A propos de son déguisement et de son parler arabe, l’auteur soutient : « Elle peut leurrer un Européen mais pas un autochtone » (p.9. Pourtant, Isabelle Eberhardt a bien « leurré » le cheikh de la Zâouïa de Kenadsa et tout son entourage puisqu’elle écrit : « Je ne la verrai jamais, cette Lella toute-puissante [la mère du cheikh …] puisque je suis Si Mahmoud, et qu’on continue à me traiter comme tel : si même, grâce aux indiscrétions de Béchar, on a des soupçons, on se gardera bien de me le faire sentir, car ce serait gravement manquer à la politesse musulmane » . De plus, même si Khelifa Benamara doute de ces paroles, il faut lui rappeler qu’après le décès d’Isabelle Eberhardt, quand des journalistes vinrent s’enquérir de son passage à Kenadsa, le cheikh n’arrivait pas à croire à la réalité du déguisement et affirmait : « Ici nous connaissons Si Mahmoud et nous n’avons rien à lui reprocher, car il s’est conduit d’une manière exemplaire ».
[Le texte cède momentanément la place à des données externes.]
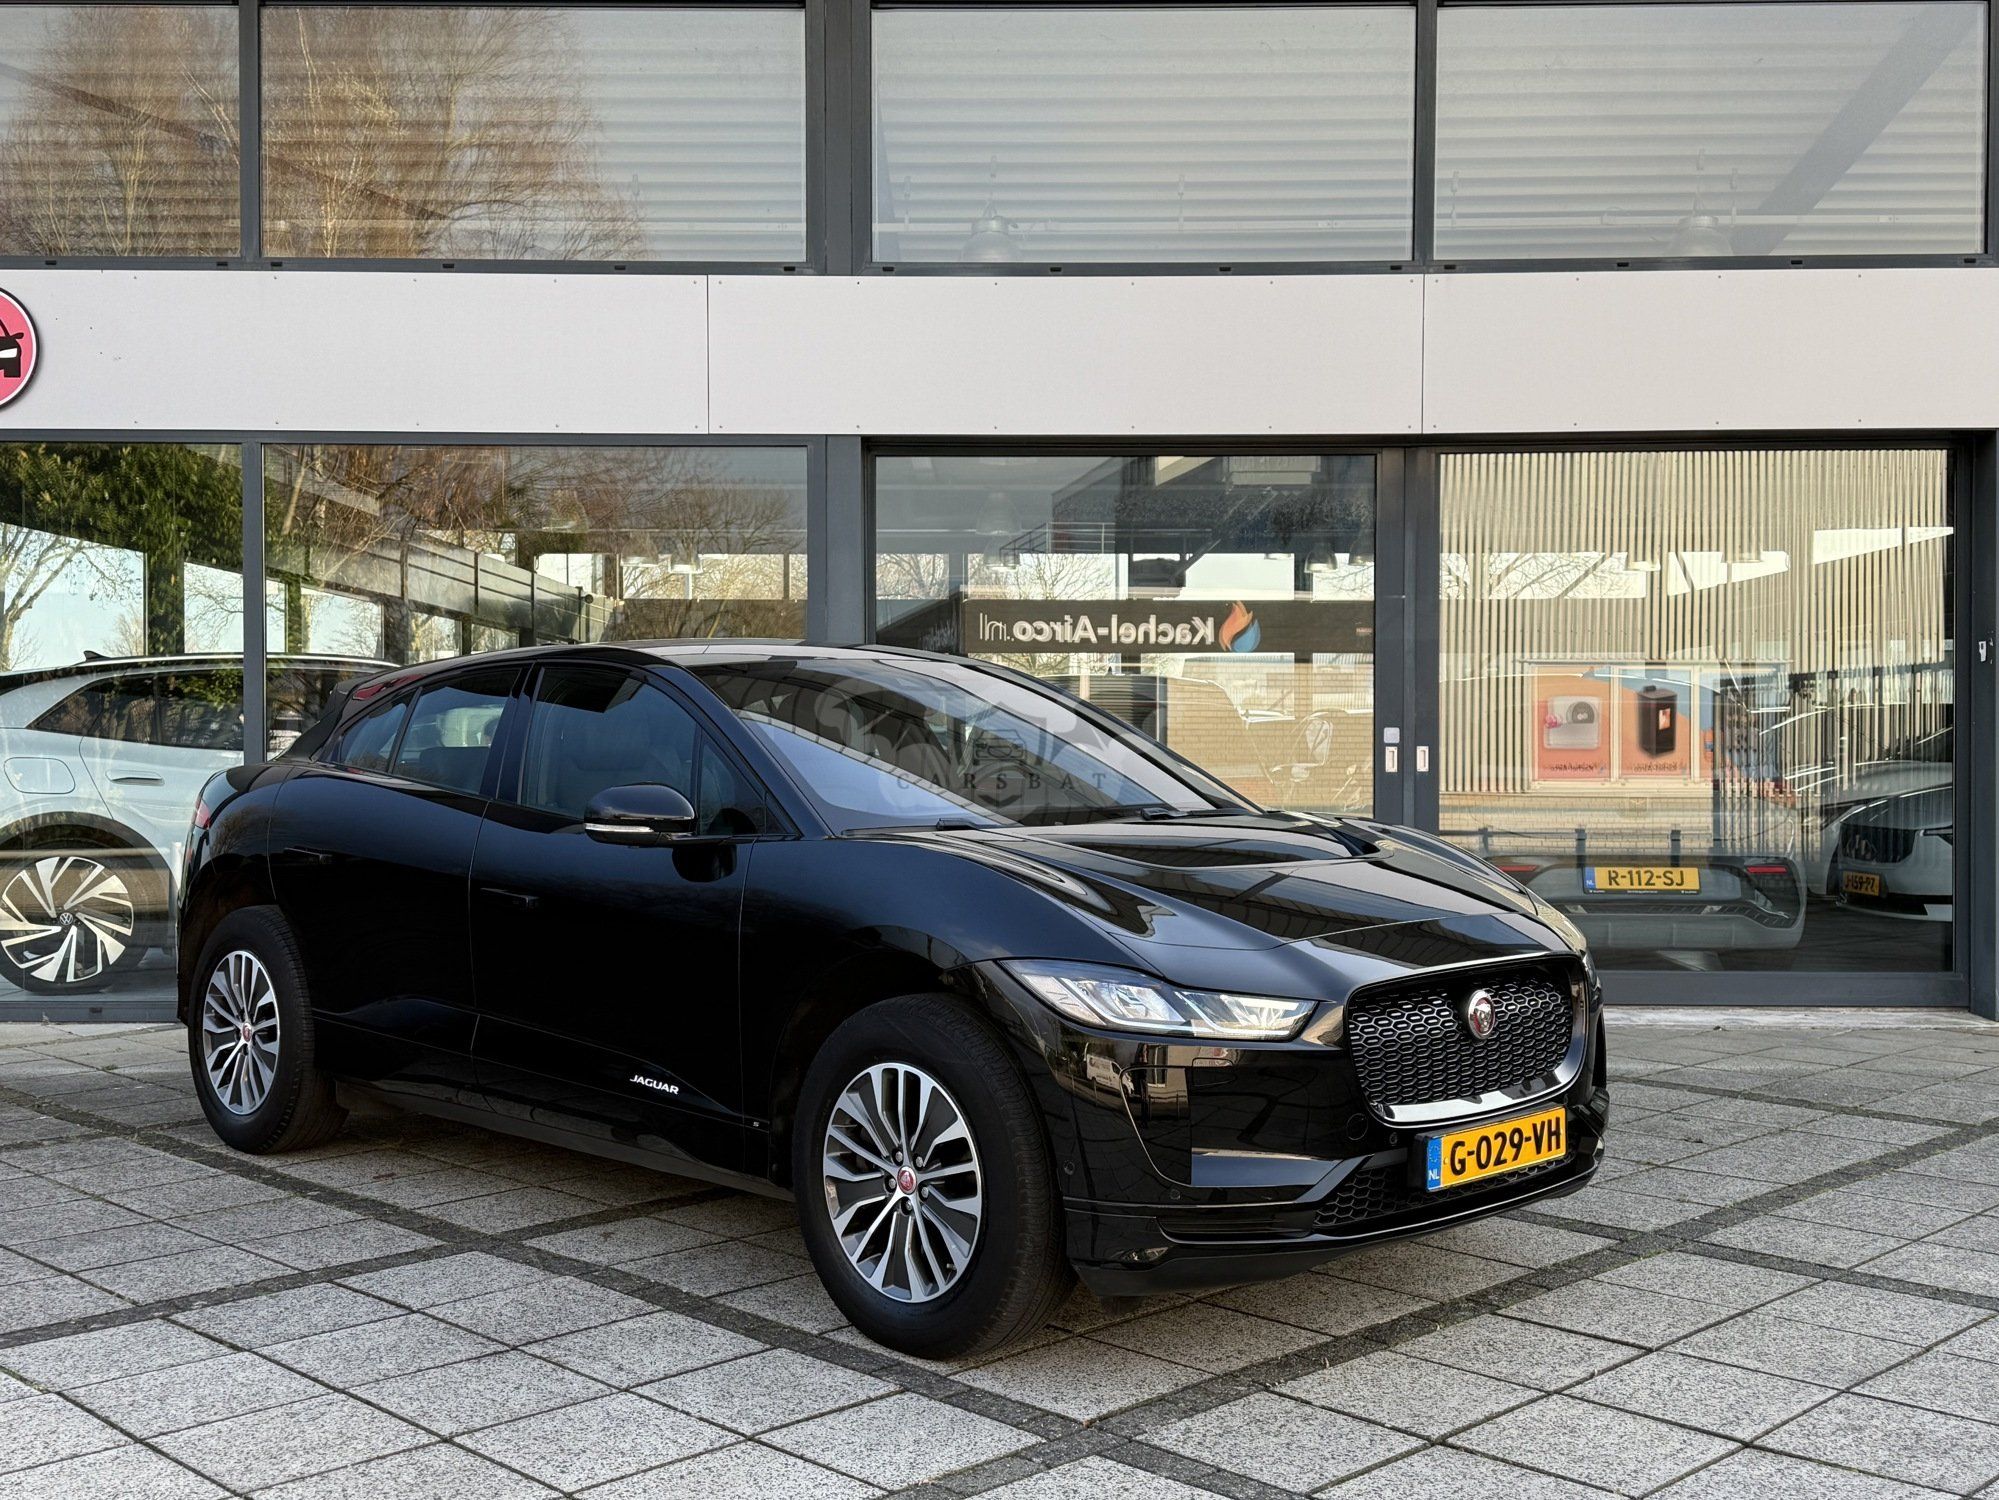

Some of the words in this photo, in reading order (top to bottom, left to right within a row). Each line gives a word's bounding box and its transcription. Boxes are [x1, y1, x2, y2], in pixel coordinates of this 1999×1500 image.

Pour montrer le parti pris, relevons deux autres affirmations gratuites. Ainsi lit-on, à la page 57 : « L’inconvénient majeur qu’entraîne cette situation ambiguë [celle de femme déguisée en homme] est l’impossibilité de fréquente les mosquées ». Que fait l’auteur du chapitre « Prière du vendredi » (Sud-Oranais, pp. 169-172) où il est écrit : « Aujourd’hui vendredi, course à la mosquée, pour la prière publique […]. La prière finie, je reste avec les tolba et les marabouts, qui psalmodient encore les litanies du Prophètes » ? Où est la gêne des musulmans ? Aucune, puisque Si Mahmoud était perçu comme un homme. Il y a un passage encore plus éclairant, pris de la lettre du 13 octobre 1897 à Ali Abdul Wahab, un ami tunisien, alors qu’Isabelle Eberhardt était à Bône(Annaba) et qui raconte sa participation « à l’inauguration d’une école musulmane particulière, dans une tribu bédouine, les kharési » (Ecrits intimes, p.106). La jeune femme, ne parvenant pas à s’endormir parmi les femmes, se rhabille et sort rejoindre les jeunes hommes qui montaient la garde : « Les jeunes talebs de la tribu m’entourèrent, avec ce grand respect très doucement fraternel que les Arabes témoignent aux femmes instruites, et, en chœur, nous nous remîmes à réciter des sourates du Coran, dans ce silence infini de la campagne morte. Et à l’heure de la prière de l’aube : « Alors, nous nous levâmes et nous commençâmes cette prière musulmane plus belle que celle des autres peuples de la terre […] ».Voici encore une phrase qui aurait dû inspirer le biographe : « Comme tu étudies l’Islâm, fais la prière avec nous, plutôt qu’avec les femmes [écrire en arabe], m’avait dit le fils du cheikh, si Mahmoud » .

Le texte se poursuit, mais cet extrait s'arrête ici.